KARACHI: Just like you reach a positive result by adding two positives in algebra, the fusion of art and technology at the third Karachi Biennale, or the KB22, are a plus-plus.
It is worth the effort to visit all the nine KB22 venues to experience this kind of expression, too. The black curtains at first draw you into an area of complete darkness but soon you learn to focus through your third eye at the Jamshed Memorial Hall.
Artist, writer and educator Madyha J. Leghari’s artwork ‘Speaking in Tongues’ is like that. Remember those interactive type ‘Choose-your-own-adventure’ storybooks where you had a choice of pages to turn in order to reach a different scenario? Leghari gives you similar choices from the very start with you deciding if you want to experience her art in English or Urdu. That done you have other choices at hand in her interactive world of random thoughts.
You see life from the perspective of a woman who awakens one day to find herself trapped in a peaceful summer escape. Taking inspiration from the classic Sanskrit poetic form, Sandesha Kavya, she attempts to interact with non-human beings around her such as the clouds, the trees, water lilies, dragon flies, locusts and deer, the distance between whose horns can fit large clouds thanks to the angle of her camera’s lens.
Connoisseurs can appreciate artworks at nine venues of Karachi Biennale until 13th
It’s equally dark upstairs, in the Jamshed Memorial Library, but music lifts spirits and makes everything brighter.
Interdisciplinary artist Rabeeha Adnan’s artwork ‘Mukaalmah: We Can’t Both Be Right’ is a musical play performed by instrumental objects that address power dynamics within state structures because normally, seemingly identical groups draw parallels. But here you have two groups of seemingly identical musical instruments creating rhythm in harmony and synchronisation through projection mapping, light and sound.

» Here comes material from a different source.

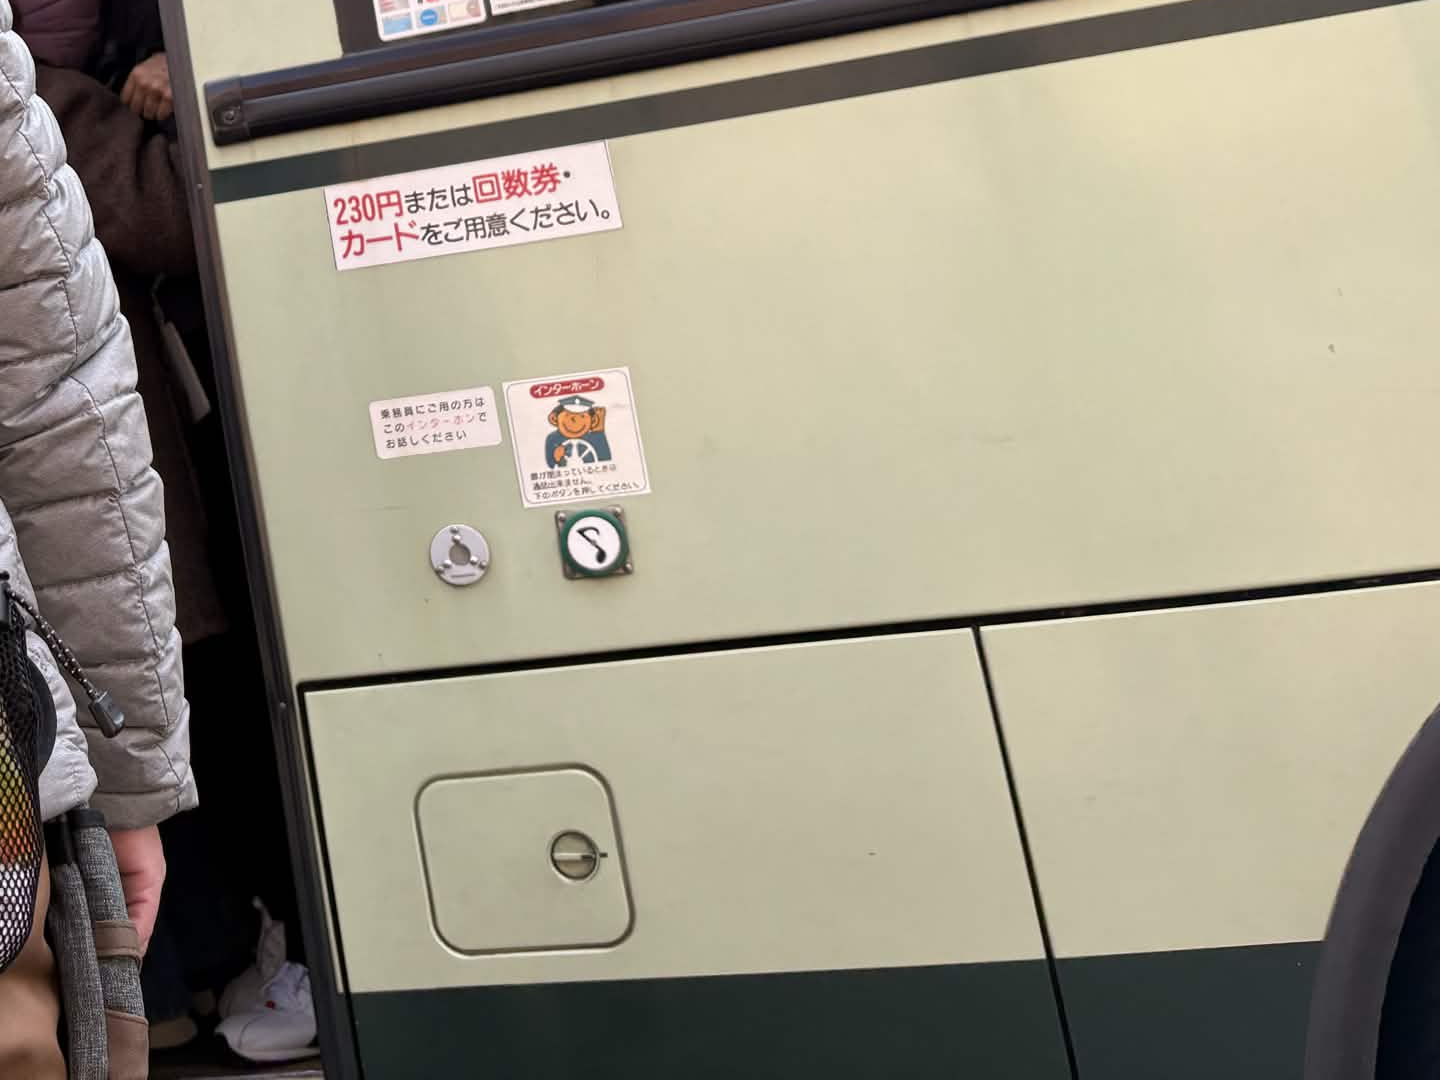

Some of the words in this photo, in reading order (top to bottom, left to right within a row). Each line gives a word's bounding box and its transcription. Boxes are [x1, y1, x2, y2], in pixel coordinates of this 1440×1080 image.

At another venue, the NJV School, you get to experience augmented reality through conceptual artist Dennis Rudolph’s ‘Simurgh App’. The visitor can connect to one of the longest epic Persian poems, Shahnamah of 977-1010 CE through virtual 3D paintings visible through the Simurgh App in your smart phone.
Speaking of Apps, environment activist Yasir Husain, who is more known by the name Yasir Darya, has his artwork ‘Air Rider’ on display, too. ‘Air Rider’ allows users to experience data on air pollution through live performance. So you get to interact with a bike rider moving all over the city — from the sea to Bilawal Chowrangi, Old Clifton to Teen Talwar, Boat Basin, Mai Kolachi, the Native Jetty, Shaheen Complex, Metropole, FTC, Korangi Road, etc, — as he live streams data recording the pollution in the air around town.
Next, you get to enter a room with an LED screen in the middle of an antique wooden bed. Sometimes it feels that the sounds from the TV are that of a growling animal, then it sounds like someone snoring. Then going to one end of the bed you realise that it is a face talking to you, to be more clear, artist and sculptor Amin Gulgee’s face. You are in the ‘Memory Room’, a collaboration by fashion designer Laeeq Akbar, lighting adviser Pomme Amina Gohar, NJV School and of course Amin Gulgee.
And then there is another collaboration by Chitrali musician Irfan Ali Taj, sound designer Daniel A. Panjwaney, electronics and laser cutting expert Khurram Halari, augmented sitar designer Hamza Ahmad, artists Ashir Bhatti and Changez Basir aptly named ‘Saaz’, which is soothing to the ears and prompts thinking around technology and classical music.
There is a lot more hybrid and evolving digital art on display at Hamid Market, NED University’s City Campus, the Sambara Art Gallery, the Indus Valley School of Art and Architecture, the Alliance Française and IBA’s main campus for connoisseurs to view and appreciate until this year’s Biennale wraps up on Nov 13.